Just like regular input states, the chain of provenance for reference states is resolved and all dependency transactions verified. This is because users of reference data must be satisfied that the data they are referring to is valid as per the rules of the contract which governs it and that all previous participants of the state assented to updates of it.

Known limitations:

Notary change: It is likely the case that users of reference states do not have permission to change the notary assigned to a reference state. Even if users did have this permission the result would likely be a bunch of notary change races. As such, if a reference state is added to a transaction which is assigned to a different notary to the input and output states then all those inputs and outputs must be moved to the notary which the reference state uses.

If two or more reference states assigned to different notaries are added to a transaction then it follows that this transaction cannot be committed to the ledger. This would also be the case for transactions not containing reference states. There is an additional complication for transactions including reference states; it is however, unlikely that the party using the reference states has the authority to change the notary for the state (in other words, the party using the reference state would not be listed as a participant on it). Therefore, it is likely that a transaction containing reference states with two different notaries cannot be committed to the ledger.

As such, if reference states assigned to multiple different notaries are added to a transaction builder then the check below will fail.

A StatePointer contains a pointer to a ContractState. The StatePointer can be included in a ContractState as a property, or included in an off-ledger data structure.

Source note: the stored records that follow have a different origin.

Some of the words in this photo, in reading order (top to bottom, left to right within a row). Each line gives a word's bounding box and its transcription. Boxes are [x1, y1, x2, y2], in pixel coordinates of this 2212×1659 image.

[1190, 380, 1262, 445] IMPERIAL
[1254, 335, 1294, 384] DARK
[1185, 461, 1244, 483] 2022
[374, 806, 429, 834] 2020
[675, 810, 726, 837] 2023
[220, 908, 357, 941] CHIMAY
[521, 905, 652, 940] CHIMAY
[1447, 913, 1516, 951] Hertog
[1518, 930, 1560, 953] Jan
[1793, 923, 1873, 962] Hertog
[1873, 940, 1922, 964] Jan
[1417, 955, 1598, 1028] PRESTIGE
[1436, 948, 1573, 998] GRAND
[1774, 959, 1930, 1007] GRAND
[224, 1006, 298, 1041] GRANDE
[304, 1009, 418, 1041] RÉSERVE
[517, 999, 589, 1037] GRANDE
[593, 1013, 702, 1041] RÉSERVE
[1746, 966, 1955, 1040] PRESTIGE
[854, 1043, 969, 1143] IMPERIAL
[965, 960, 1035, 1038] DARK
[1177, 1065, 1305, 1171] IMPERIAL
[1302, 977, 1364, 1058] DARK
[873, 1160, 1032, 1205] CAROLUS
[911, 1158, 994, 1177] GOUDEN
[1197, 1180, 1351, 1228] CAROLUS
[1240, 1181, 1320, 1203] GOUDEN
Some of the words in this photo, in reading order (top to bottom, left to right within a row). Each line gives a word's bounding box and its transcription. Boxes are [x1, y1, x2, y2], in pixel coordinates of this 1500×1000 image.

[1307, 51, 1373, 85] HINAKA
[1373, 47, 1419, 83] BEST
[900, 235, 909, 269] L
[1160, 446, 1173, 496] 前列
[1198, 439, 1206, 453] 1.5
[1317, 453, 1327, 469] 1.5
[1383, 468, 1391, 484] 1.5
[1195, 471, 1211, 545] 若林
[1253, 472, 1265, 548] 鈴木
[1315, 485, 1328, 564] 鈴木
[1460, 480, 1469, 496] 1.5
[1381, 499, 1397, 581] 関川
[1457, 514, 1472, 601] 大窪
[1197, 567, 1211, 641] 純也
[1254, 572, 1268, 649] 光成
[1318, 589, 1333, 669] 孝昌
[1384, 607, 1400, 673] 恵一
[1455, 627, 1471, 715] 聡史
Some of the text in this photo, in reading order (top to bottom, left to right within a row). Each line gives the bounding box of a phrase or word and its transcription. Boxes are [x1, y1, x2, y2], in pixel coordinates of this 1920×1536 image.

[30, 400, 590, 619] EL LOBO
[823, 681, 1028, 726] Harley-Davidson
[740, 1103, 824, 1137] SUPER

StatePointer s can be resolved to a StateAndRef by performing a look-up. There are two types of pointers; linear and static.

  • StaticPointer s are for use with any type of ContractState. The StaticPointer does as it suggests, it always points to the same ContractState.
  • The LinearPointer is for use with LinearStates. They are particularly useful because due to the way LinearStates work, the pointer will automatically point you to the latest version of a LinearState that the node performing resolve is aware of. In effect, the pointer “moves” as the LinearState is updated.

State pointers use Reference States to enable the functionality described above. They can be conceptualized as a mechanism to formalise a development pattern where one needs to refer to a specific state from another transaction (StaticPointer) or a particular lineage of states (LinearPointer). In other words, StatePointers do not enable a feature in Corda which was previously unavailable. Rather, they help to formalise a pattern which was already possible. In that light, it is worth noting some issues which you may encounter in its application:

  • If the node calling resolve has not seen any transactions containing a ContractState which the StatePointer points to, then resolve will throw an exception. Here, the node calling resolve might be missing some crucial data.
  • The node calling resolve for a LinearPointer may have seen and stored transactions containing a LinearState with the specified linearId. However, there is no guarantee the StateAndRef<T> returned by resolve is the most recent version of the LinearState. The node only returns the most recent version that it is aware of.

Resolving state pointers in TransactionBuilder

When building transactions, any StatePointer s contained within inputs or outputs added to a TransactionBuilder can be optionally resolved to reference states using the resolveStatePointers method. The effect is that the pointed to data is carried along with the transaction. This may or may not be appropriate in all circumstances, which is why calling the method is optional.